Le contrôleur de l’état n’entre pas non plus dans la distinction entre Israël, son gouvernement et ses politiques. Il n’a pas prêté attention aux origines sous-jacentes des réserves exprimées dans le monde concernant ces dernières, qui n’impliquent pas une récusation du premier. La démarche du contrôleur est de garder la tête baissée, demandant seulement combien et non pourquoi, comme s’il y avait une relation directe de cause à effet entre l’action et le résultat, et des normes de résultat. Ce printemps le contrôleur a publié un rapport plutôt négatif sur la prestation du Premier Ministre Benjamin Netanyahu, depuis son retour en fonction il y a sept ans, en ce qui concerne la "campagne diplomatique et médiatique contre les mouvements de boycott et les expressions d’antisémitisme à l’étranger."
Le contrôleur a décrit un mouvement de balancier entre trois ministères. Le premier est intrinsèquement faible mais est chargé des relations avec le monde, tandis que les deux autres sont dépourvus de substance mais sont dirigés par des politiciens ambitieux qui aspirent à tirer gloire des "questions de sécurité". Nous parlons, respectivement, des ministères des affaires étrangères, des affaires stratégiques et des affaires de la diaspora. Leurs mots sont tous des bavardages insignifiants : “se concentrer,” “guider,” “coordonner,” “intégrer.”
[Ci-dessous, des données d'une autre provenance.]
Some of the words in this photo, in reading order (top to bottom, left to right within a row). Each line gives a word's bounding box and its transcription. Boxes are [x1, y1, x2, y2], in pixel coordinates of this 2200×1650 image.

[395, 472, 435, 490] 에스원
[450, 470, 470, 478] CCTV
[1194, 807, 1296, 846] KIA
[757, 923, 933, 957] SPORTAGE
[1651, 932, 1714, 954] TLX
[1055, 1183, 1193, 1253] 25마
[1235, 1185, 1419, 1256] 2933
Pour empêcher les crises à l’intérieur des partis politiques ou entre eux, il y a une recherche de quelque chose pour occuper des organisations superflues qui rivalisent pour le contrôle d’autres organisations superflues. Finalement, le contrôleur a recommandé de renforcer les outils disponibles pour le Ministère des Affaires Etrangères, qui dispose de représentations réparties dans l’ensemble du monde et qui recueille leurs rapports.
Netanyahou a ignoré la critique à l’avantage du don à Gilad Erdan d’un jouet sous la forme du portefeuille des affaires stratégiques, contrepoids au jouet que le premier ministre a donné à Yisrael Katz sous la forme du portefeuille des renseignements et de l’énergie atomique.
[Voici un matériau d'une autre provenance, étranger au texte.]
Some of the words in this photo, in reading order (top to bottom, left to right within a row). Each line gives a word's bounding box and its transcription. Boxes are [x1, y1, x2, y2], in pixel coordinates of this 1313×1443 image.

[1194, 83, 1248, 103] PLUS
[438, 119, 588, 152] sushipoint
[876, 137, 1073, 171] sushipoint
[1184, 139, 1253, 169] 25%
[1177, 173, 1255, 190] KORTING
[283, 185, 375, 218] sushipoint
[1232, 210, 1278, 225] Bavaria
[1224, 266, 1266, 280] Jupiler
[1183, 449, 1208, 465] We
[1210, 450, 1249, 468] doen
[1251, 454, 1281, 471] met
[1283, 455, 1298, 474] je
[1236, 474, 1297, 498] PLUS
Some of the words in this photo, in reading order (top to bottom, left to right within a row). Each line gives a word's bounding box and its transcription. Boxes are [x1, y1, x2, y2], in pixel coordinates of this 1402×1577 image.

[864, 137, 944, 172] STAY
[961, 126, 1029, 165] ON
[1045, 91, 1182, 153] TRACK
Dans sa tâche principale, en tant que ministre de la sécurité publique, Erdan n’a pas mis un terme à l’importation de Roni Alsheich à partir du service de sécurité du Shin Bet et à sa nomination — une mesure qui s’est révélée désastreuse — comme commissaire national de police. (La plus grande réussite du Shin Bet ces dernières années, selon des anciens de l’agence, a été, jusque là, d’empêcher Alsheich de devenir le chef de l’organisation).
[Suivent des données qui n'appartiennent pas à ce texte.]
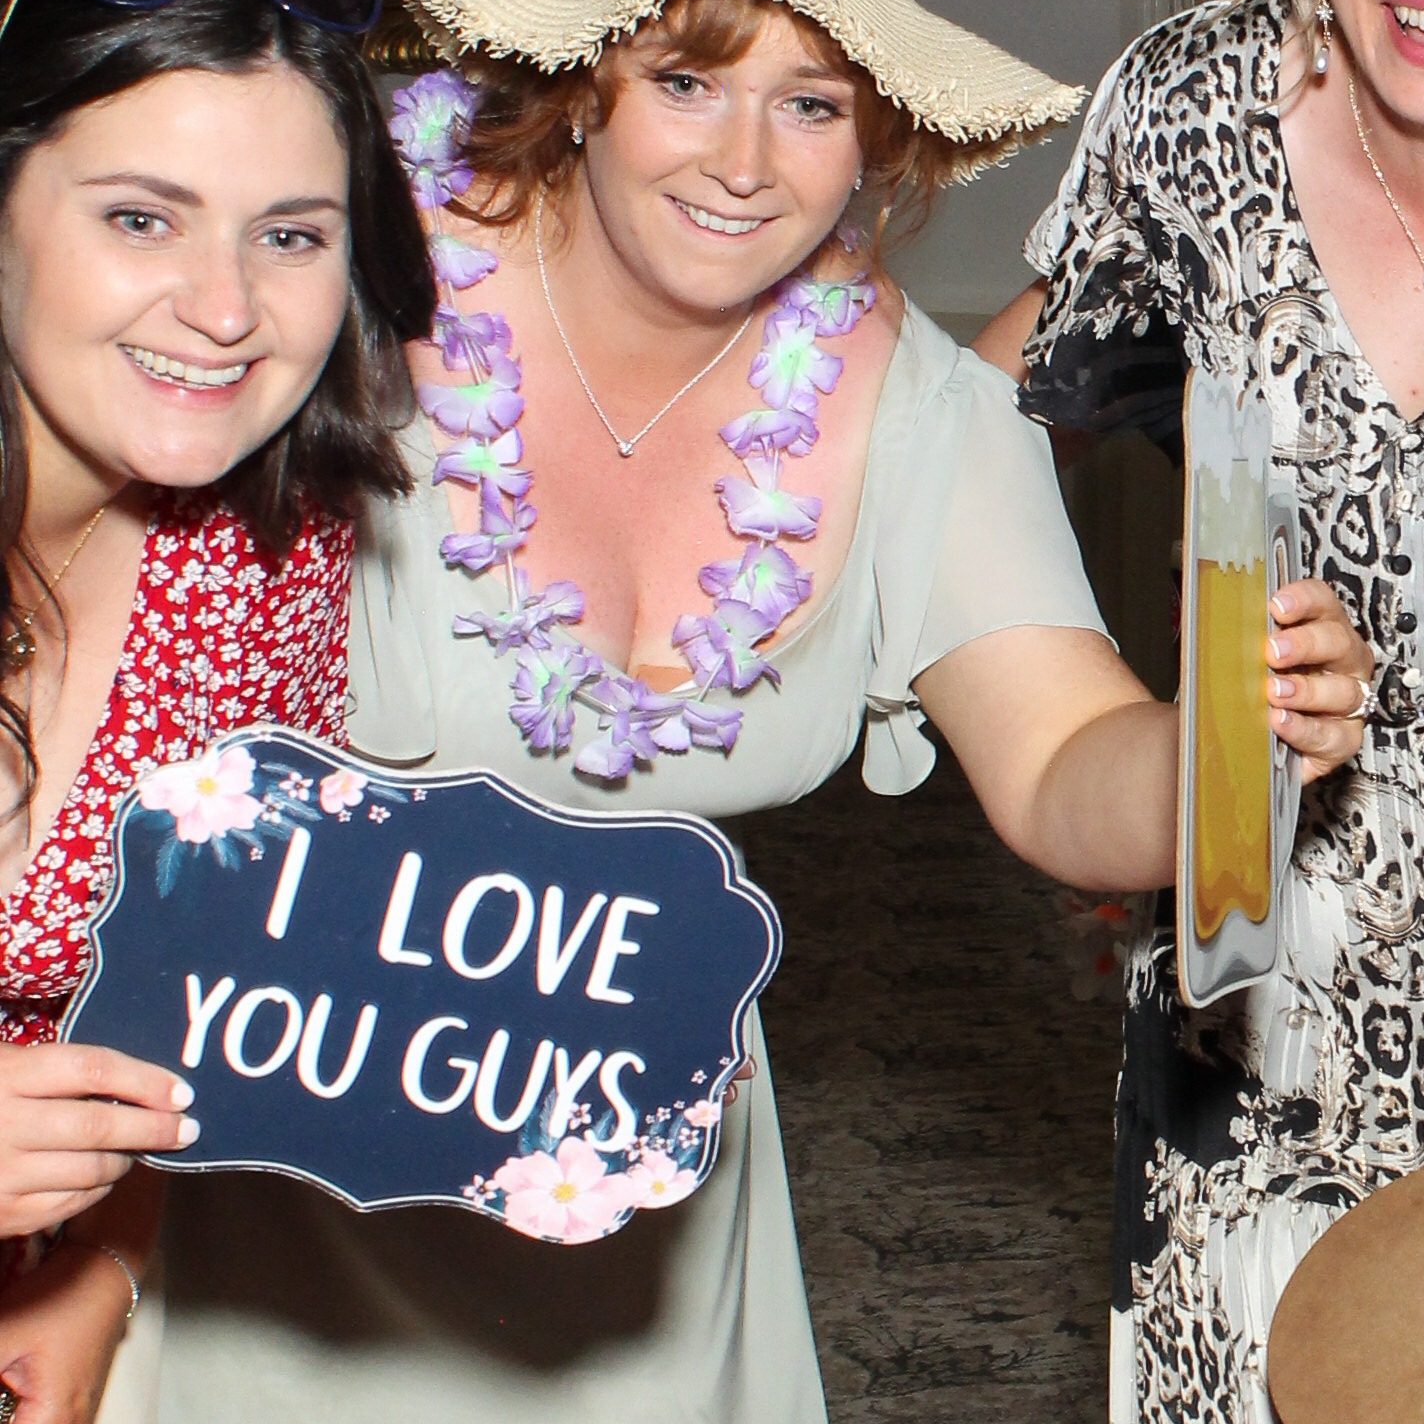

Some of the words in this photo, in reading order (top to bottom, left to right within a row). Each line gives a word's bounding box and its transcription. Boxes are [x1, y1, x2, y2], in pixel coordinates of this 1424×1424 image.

[265, 826, 311, 940] I
[376, 851, 660, 1005] LOVE
[179, 973, 378, 1099] YOU
[400, 1016, 646, 1153] GUYS
Au début de la dernière décennie, alors qu’il s’engageait dans le contre-terrorisme dans la division arabe du Shin Bet, Alsheich a élaboré des opérations d’infiltration, y compris parmi les Arabes israéliens, visant à formater l’opinion publique. Le conseiller juridique du Shin Bet, inquiet de cette atteinte à la démocratie, a bloqué l’initiative. En tant que commissaire de police, Alsheich a créé une nouvelle unité chargée des relations publiques. Yuval Gat, qui, en tant qu’officier de l’armée, s’est occupé aussi de questions touchant à l’opinion des opposants et de leurs alliés, a été engagé pour la diriger. Alsheich et Gat essayent de faire une étude de l’opinion publique afin de rehausser l’image de cette force auprès du grand public. Leur réussite jusque là a été de moins que zéro, en ce qui concerne cette force aussi bien que son commandant. Pourtant, ils ont trouvé leur âme-soeur en Erdan. Il s’est efforcé d’insuffler un esprit combattif aux forces anti-BDS, avec l’intention de les envoyer contre ceux qui demandent des sanctions et le retrait d’Israël des investissements.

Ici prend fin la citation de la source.